Übertragen Sie am nächsten Morgen jede Saphirscheibe auf die Kappe einer neuen Einbettkapsel und füllen Sie die Kappe mit frisch vorbereitetem 100%igem Epoxidharz. Nach der letzten Inkubation mit 100 % Epoxidharz polymerisieren Sie die Proben 48 Stunden lang in einem 60 Grad Celsius heißen Ofen. Wenn die Proben polymerisiert sind, legen Sie die erste Probe kopfüber auf das Stereomikroskop, so dass sich die Saphirscheibe oben auf dem Harzblock befindet, und entfernen Sie mit einer Rasierklinge eine dünne Schicht Harz von der Oberseite der Probe.

Schneide dann mit der Rasierklinge eine flache Linie entlang des Randes der Scheibe, um die Saphirscheibe vom Epoxidharz zu trennen. Tauchen Sie die Scheibe etwa 10 Sekunden lang in flüssigen Stickstoff, um die Scheibe vom Rest des Harzes zu trennen. Übertragen Sie das Harz unter ein Präpariermikroskop und kleben Sie die Probe auf den Mikroskoptisch.

Suchen Sie mit einer vier- bis zehnfachen Vergrößerung einen Bereich mit Zellen und schneiden Sie mit einer zweischneidigen Rasierklinge einen zwei mal zwei Millimeter großen Bereich um den interessierenden Bereich herum. Montieren Sie dann die Zellen mit Sekundenkleber auf einen zylindrischen Dummy-Block aus Epoxidharz und inkubieren Sie den Block eine Stunde lang bei 60 Grad Celsius. Nach dem Schneiden auf einem Ultramikrotom übertragen Sie die Proben in ein Transmissionselektronenmikroskop, um sie mit einer 930.000-fachen Vergrößerung abzubilden.

In diesem Bild ist die synaptische Vesikelfusion durch Exozytose zu sehen, die 15 Millisekunden nach Lichtbeginn in der aktiven Zone einer präsynaptischen Membran in einem Hippocampus-Neuron der Maus aufgezeichnet wurde. 100 Millisekunden nach Lichtbeginn ist eine endozytotische Grube in der Nähe der aktiven Zone zu sehen, was eine ultraschnelle Endozytose durch die Nervenzelle verdeutlicht. Nachdem Sie sich dieses Video angesehen haben, sollten Sie ein gutes Verständnis dafür haben, wie man Proben mit Flash- und Freeze-Experimenten verarbeitet.
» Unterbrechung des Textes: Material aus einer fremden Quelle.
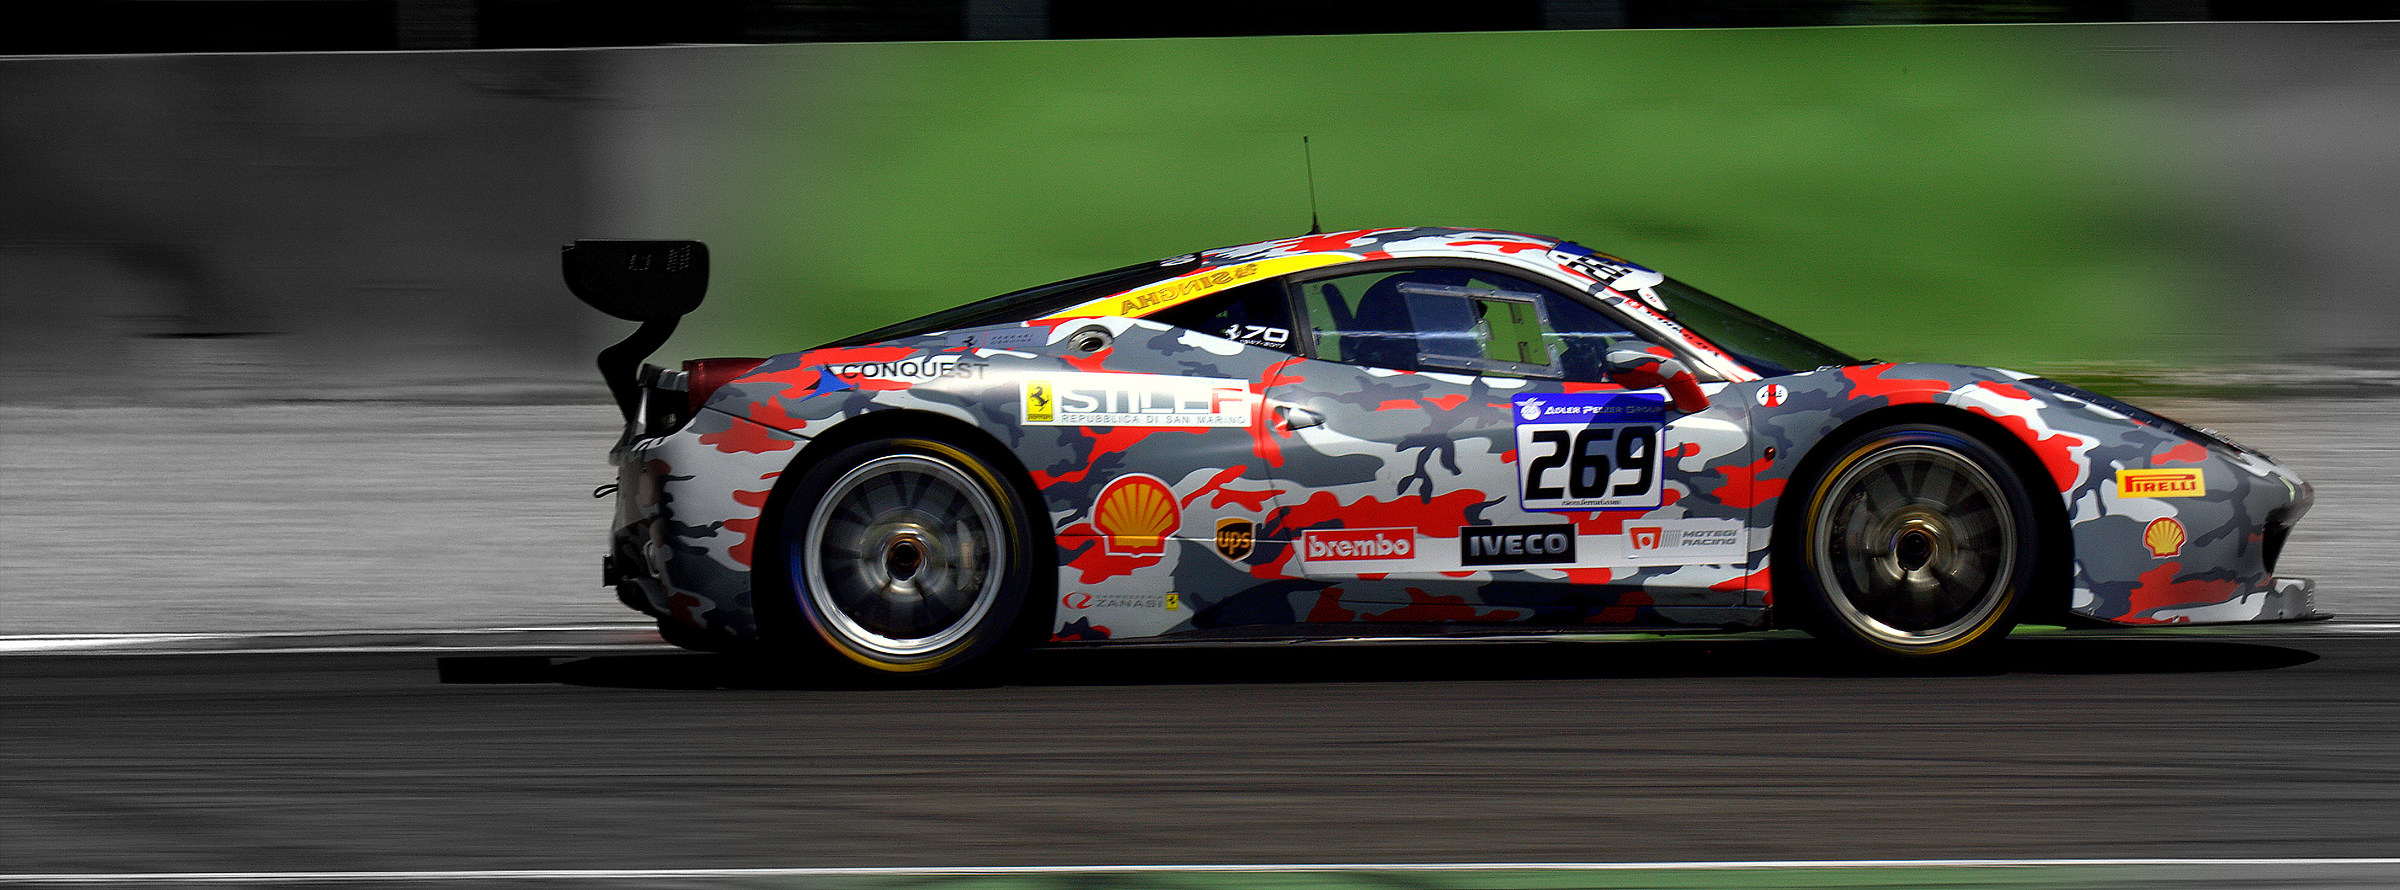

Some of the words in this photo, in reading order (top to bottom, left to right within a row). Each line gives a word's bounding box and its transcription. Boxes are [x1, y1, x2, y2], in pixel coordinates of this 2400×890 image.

Denken Sie daran, dass die Arbeit mit Glutaraldehyd, Osmiumtetroxid und flüssigem Stickstoff sehr gefährlich sein kann, und stellen Sie daher sicher, dass Sie Schutzkleidung tragen. Sobald Sie diese Prozeduren beherrschen, kann der Einfrierteil dieser Verfahren in ein paar Stunden für 12 Proben durchgeführt werden, aber der Rest der Verfahren, einschließlich Bildgebung und Bildanalyse, kann bis zu Tage, Wochen oder sogar Monate dauern, und so kann es sich um sehr lange Verfahren handeln. Wenn Sie Proteine lokalisieren oder ihre Dynamik visualisieren, können Sie auch verschiedene Protokolle verwenden, um die Antigenität oder Perlmutt von Perlglanzproteinen zu erhalten und ihre Dynamik mit diesen Techniken zu visualisieren.